Indian Decade

ISI Keeps Sacred Cow Status

Recent Features

Indian Decade

ISI Keeps Sacred Cow Status

Testimony to the Pakistani Parliament by the ISI chief over the Abbotabad raid was combative and seemingly blame shifting.

India’s External Affairs Ministry will do well to handle with care post-Operation Geronimo Pakistan and the embarrassing security and intelligence failures it appears to have revealed. This certainly isn’t the time for the MEA to make a song and dance about the Indian military’s capacity to launch an Abbottabad-style operation to take out those believed to have been involved with the November 2008 Mumbai attacks.

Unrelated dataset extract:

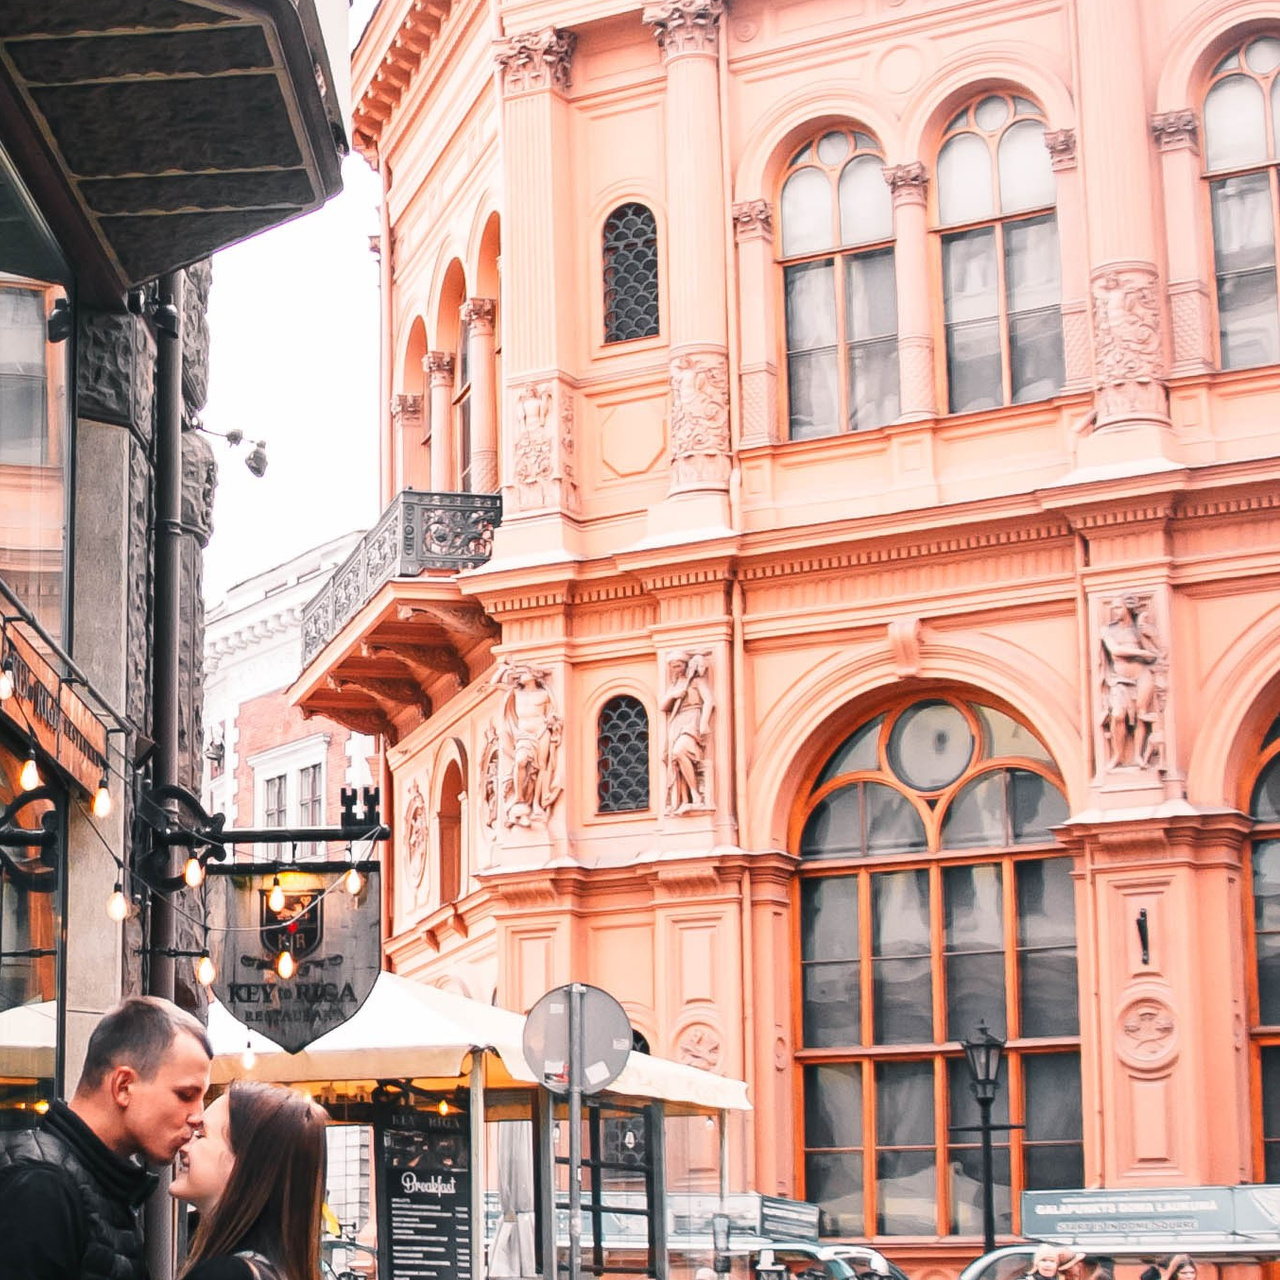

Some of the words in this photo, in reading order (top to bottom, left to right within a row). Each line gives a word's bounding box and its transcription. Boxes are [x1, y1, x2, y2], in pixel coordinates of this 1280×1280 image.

[228, 982, 277, 1003] KEY
[295, 981, 358, 1003] RIGA
[401, 1171, 457, 1198] Breakfast

As for Pakistan, it is already undergoing an even more intense bout of internal strife than usual following the killing of Osama bin Laden in Pakistan. ISI Chief Lt. Gen. Shuja Pasha and Deputy Chief of Air Staff Operations Air Marshal Muhammad Hassan testified before a closed door joint session of the two houses of the Pakistani Parliament on May 13. During the session, they discussed the intelligence and security failures highlighted by the May 2 US military raid in Abbottabad, codenamed Operation Geronimo, which killed bin Laden.

During the testimony, Pasha apparently offered to resign as ISI Chief—if Prime Minister Yousaf Raza Gilani wanted him to. Gilani, though, appears to have rejected Pasha’s offer, and the joint session passed a resolution recommending the setting up of an independent commission to probe intelligence and security failures.

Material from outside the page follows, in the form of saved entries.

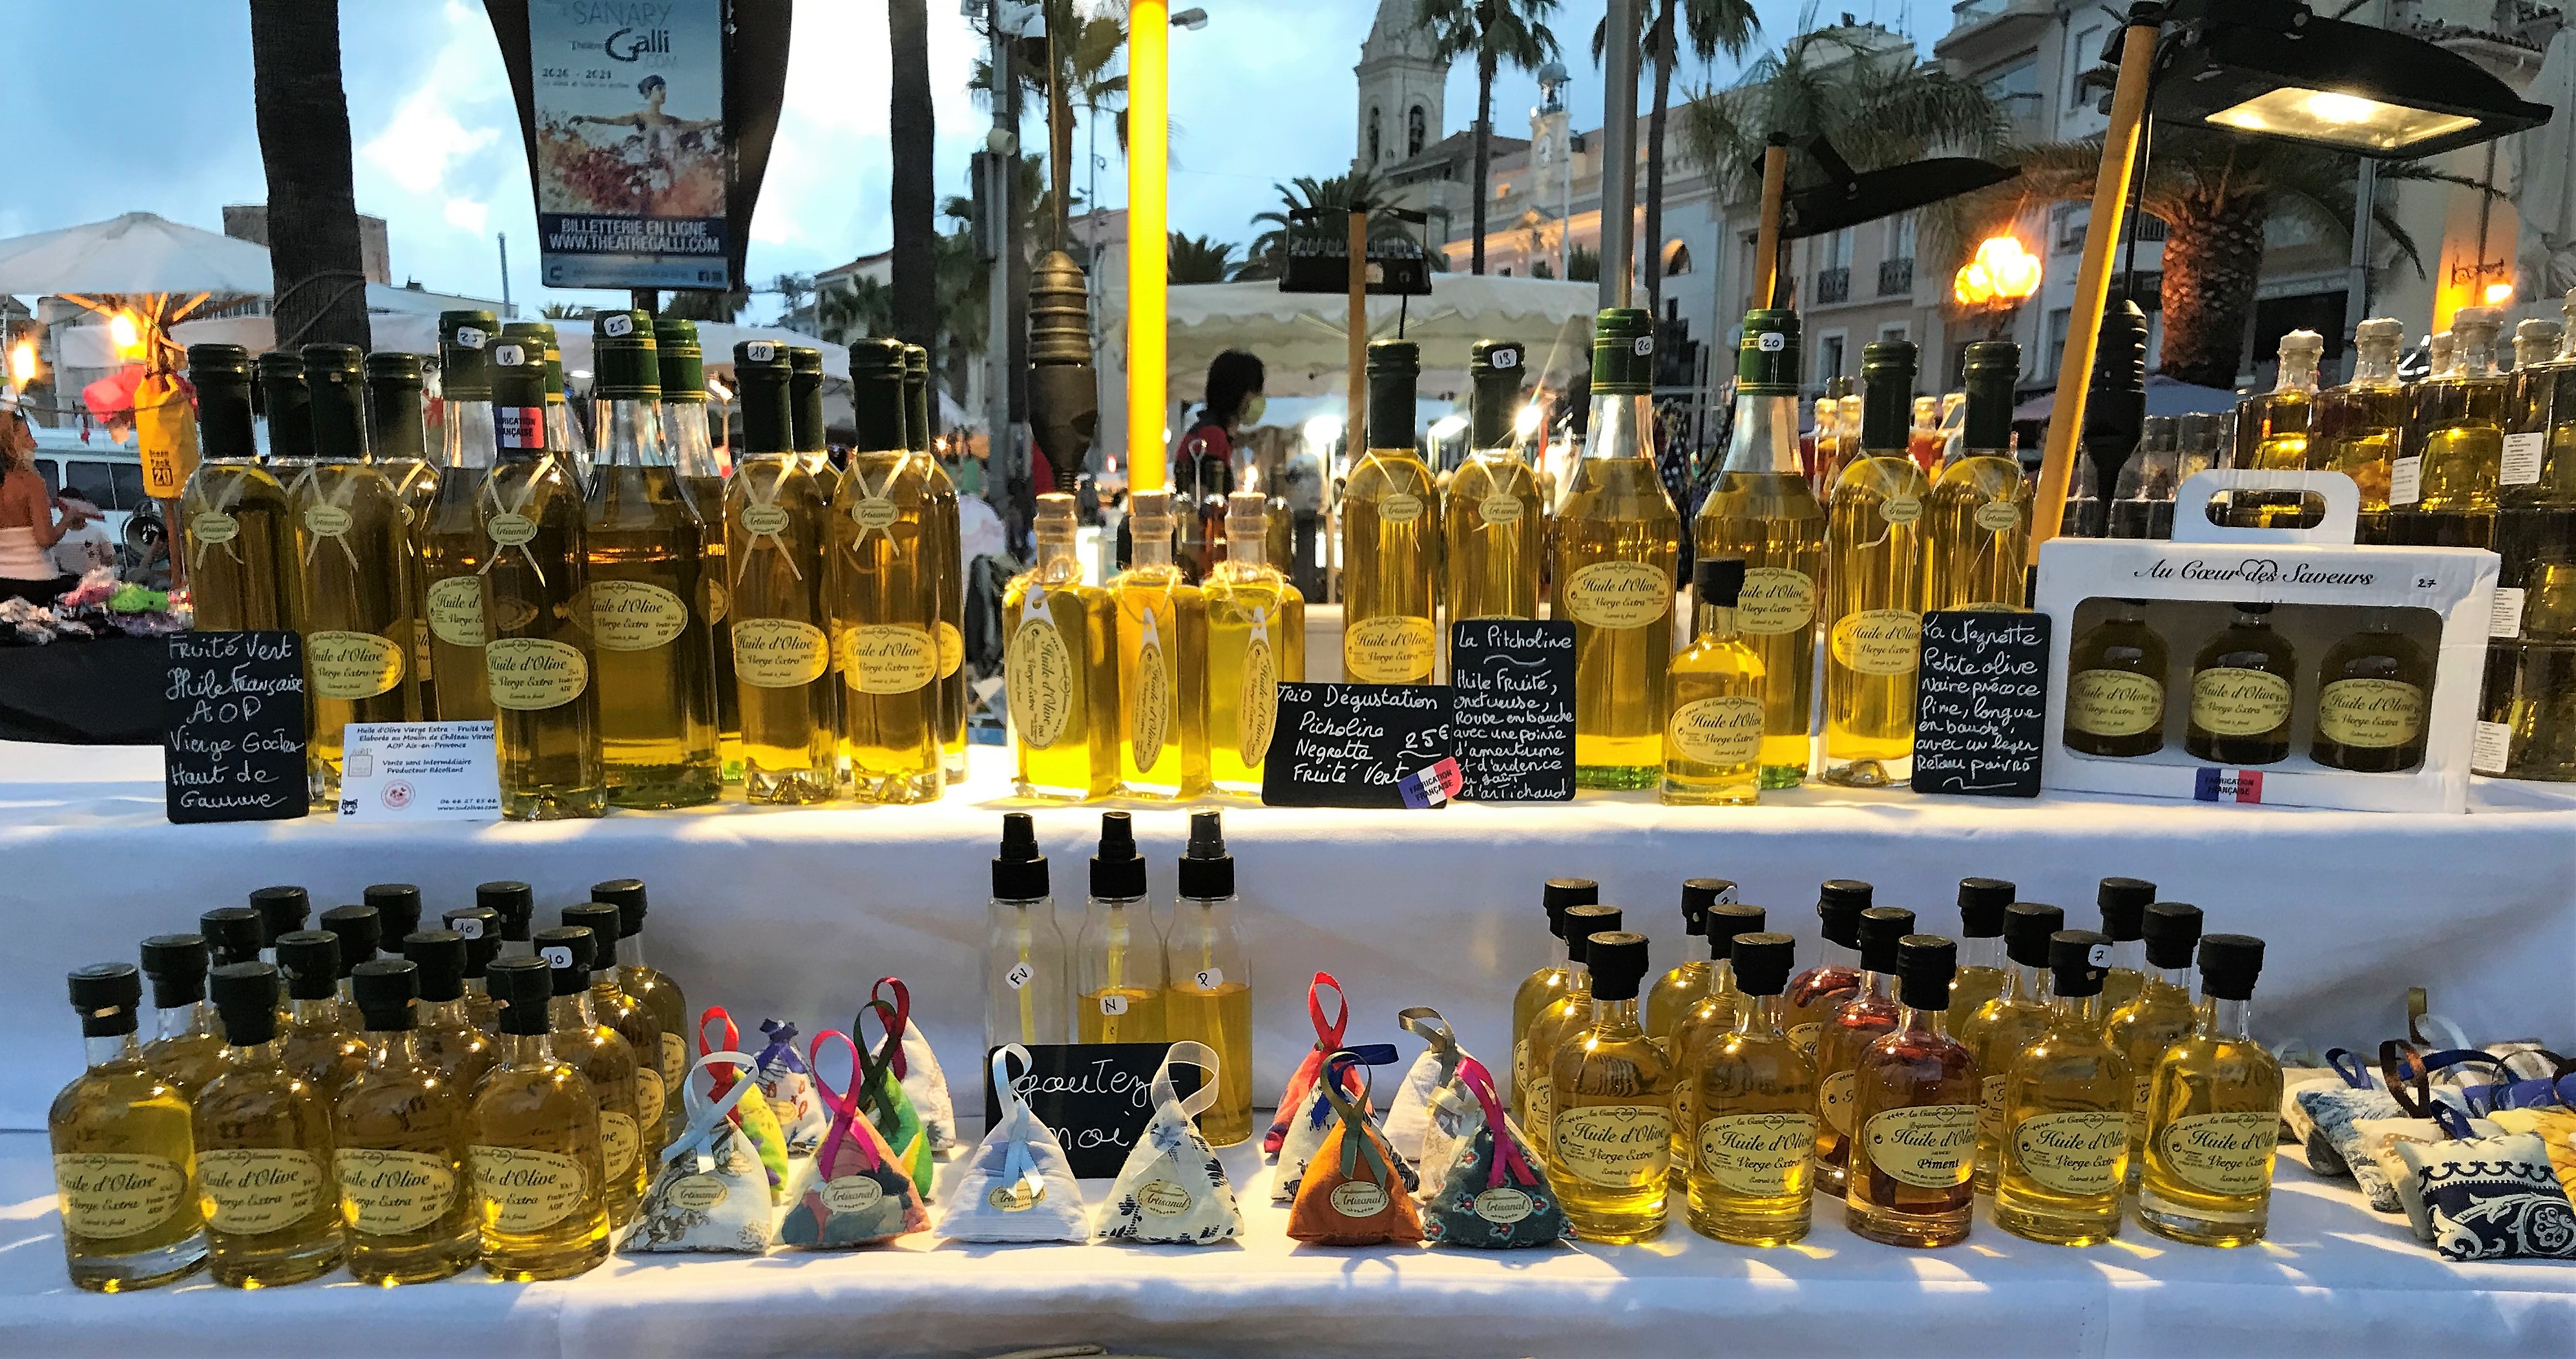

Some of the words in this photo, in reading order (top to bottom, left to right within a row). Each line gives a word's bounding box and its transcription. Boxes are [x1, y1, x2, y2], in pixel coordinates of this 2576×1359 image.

[604, 28, 670, 62] Galli
[561, 218, 644, 235] BILLETTERIE
[646, 220, 665, 235] EN
[667, 221, 708, 236] LIGNE
[1638, 339, 1650, 351] 20
[1763, 338, 1780, 348] 20
[154, 469, 171, 485] 20
[2133, 559, 2173, 579] Au
[2181, 560, 2241, 580] Cœur
[2245, 560, 2279, 585] des
[2282, 563, 2374, 585] Saveurs
[1580, 577, 1617, 593] Huile
[1618, 577, 1659, 592] d'Olive
[1765, 583, 1805, 599] d'Olive
[2418, 578, 2438, 589] 27
[435, 594, 465, 609] Huile
[617, 598, 664, 614] d'Olive
[1595, 596, 1621, 610] Vierge
[1622, 597, 1646, 607] Extra
[1741, 603, 1768, 616] Vierge
[1768, 602, 1793, 614] Extra
[623, 617, 649, 628] Extra
[1355, 632, 1388, 647] Huile
[1458, 625, 1478, 648] La
[1487, 625, 1572, 648] Pitcholine
[1846, 624, 1884, 640] Huile
[169, 633, 244, 659] Fruité
[246, 633, 292, 660] Vert
[768, 636, 813, 651] d'Olive
[879, 643, 922, 658] d'Olive
[1860, 643, 1886, 656] Vierge
[337, 648, 383, 662] d'Olive
[1924, 647, 1980, 675] Petite
[1982, 650, 2038, 675] olive
[488, 656, 516, 672] Huile
[520, 655, 567, 671] d'Olive
[165, 667, 227, 700] Huile
[498, 676, 525, 690] Vierge
[527, 676, 553, 687] Extra
[1458, 669, 1491, 690] Huile
[1324, 685, 1438, 713] Dégustation
[2106, 687, 2150, 701] d'Olive
[2198, 683, 2229, 698] Huile
[2231, 685, 2276, 700] d'Olive
[2330, 694, 2365, 710] Huile
[1974, 695, 2042, 727] longue
[1299, 711, 1384, 738] Picholine
[1688, 712, 1727, 729] Huile
[1729, 712, 1762, 729] d'Olive
[1919, 720, 1943, 732] en
[1454, 729, 1488, 739] avec
[1491, 729, 1518, 740] une
[1703, 732, 1732, 747] Vierge
[1733, 732, 1754, 744] Extra
[170, 725, 236, 762] Vierge
[1916, 738, 1963, 752] avec
[171, 760, 230, 787] Haut
[236, 760, 280, 783] de
[1409, 769, 1452, 794] FABRICATION
[2204, 777, 2254, 786] FABRICATION
[1415, 780, 1454, 802] FRANÇAISE
[2207, 786, 2250, 796] FRANÇAISE
[180, 790, 288, 809] Gamme
[549, 953, 565, 965] 10
[1010, 968, 1030, 984] FV
[1198, 972, 1209, 986] P
[1104, 999, 1117, 1012] N
[1571, 1122, 1617, 1143] Huile
[1620, 1124, 1666, 1143] d'Olive
[1890, 1129, 1938, 1148] Huile
[2037, 1130, 2085, 1150] Huile
[2188, 1130, 2238, 1150] Huile
[1718, 1131, 1764, 1151] Huile
[1768, 1132, 1813, 1151] d'Olive
[1589, 1148, 1624, 1164] Vierge
[1626, 1148, 1654, 1161] Extra
[1737, 1156, 1772, 1172] Vierge
[1774, 1157, 1801, 1169] Extra
[1917, 1157, 1960, 1170] Piment
[2056, 1154, 2090, 1172] Vierge
[2208, 1154, 2244, 1172] Vierge
[92, 1173, 157, 1193] d'Olive
[238, 1168, 300, 1189] d'Olive
[370, 1169, 430, 1189] d'Olive
[499, 1167, 558, 1187] d'Olive
[379, 1195, 412, 1207] Extra
[829, 1188, 874, 1200] Artisanal
[1146, 1194, 1188, 1208] Artisanal
[1340, 1194, 1383, 1206] Artisanal
[1485, 1200, 1527, 1212] Artisanal

Some details of this secretive session, also attended by the all-power Chief of Army Staff Gen. Ashfaq Parvez Kayani and Chief of Air Staff Air Chief Marshal Rao Qamar Suleman, have been made available. They suggest three things:

1.      An all-out turf war has started among different agencies in Pakistan, with each implying the others should take some responsibility for the failures.

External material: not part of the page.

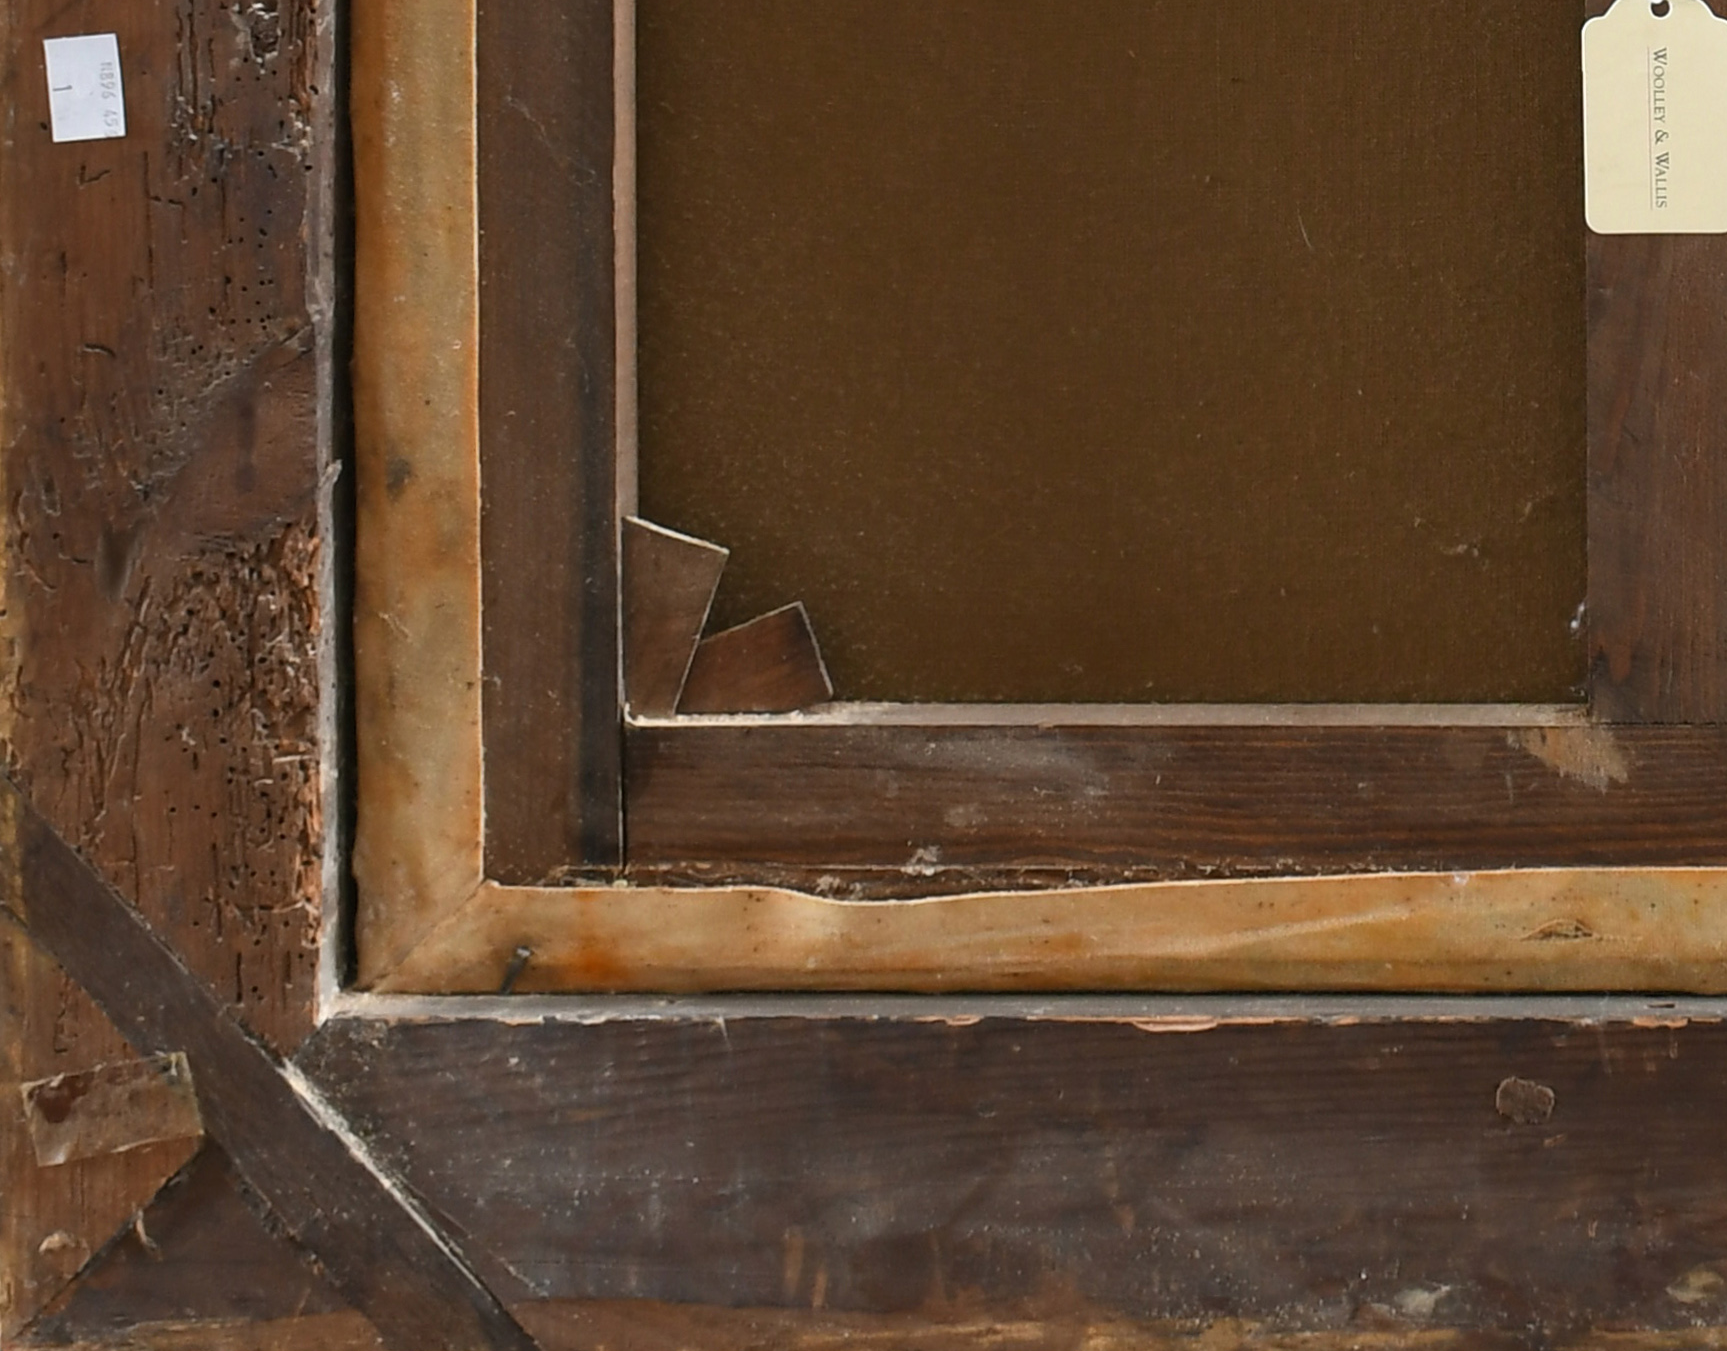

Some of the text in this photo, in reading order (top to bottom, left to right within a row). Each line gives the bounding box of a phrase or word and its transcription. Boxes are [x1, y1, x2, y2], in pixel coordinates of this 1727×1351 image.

[1653, 46, 1670, 209] WOOLLEY & WALLIS

2.      The security aspects of the incident are being given greater weight by the Pakistani government than the intelligence failures.

3.      Questions are being raised inside the Pakistani establishment over the possibility of the United States trying another Abbotabad-style raid on a different target.

Pasha, who testified on the intelligence failures, echoed Gilani’s statement immediately after the bin Laden killing, saying that it was a ‘comprehensive’ intelligence failure, that all intelligence agencies should be held responsible and accountable and that the Inter Services Intelligence agency can’t take all the blame.

In fact, Pasha specifically mentioned other Pakistani security outfits like the Intelligence Bureau (IB), the police and its Special Branch (all three of which come under Interior Minister Rehman Malik) as being equally responsible for keeping watch for the presence of suspicious behaving foreigners in Pakistani territory, and concluded that they too had failed.

However, the sacred cow status of the Pakistan Army and ISI was proved once again at the session, where the decision was taken not to appease the United States by publicly discrediting the two organizations.

The ISI chief for his part ruffled Indian feathers with an incendiary remark that the Pakistan military establishment had already identified Indian targets and rehearsed a possible counter attack if India were to embark on its own Abbottabad-style adventure. The seriousness with which India views such comments was underscored by the fact that Indian Prime Minister Manmohan Singh reportedly held a brainstorming session with his three services chiefs in New Delhi on May 16 to discuss the comments.

India is also conscious of the fact that although Pasha's remarks were made in a secret briefing, they appear to have been cleverly leaked to the media to divert the attention of the Pakistani people.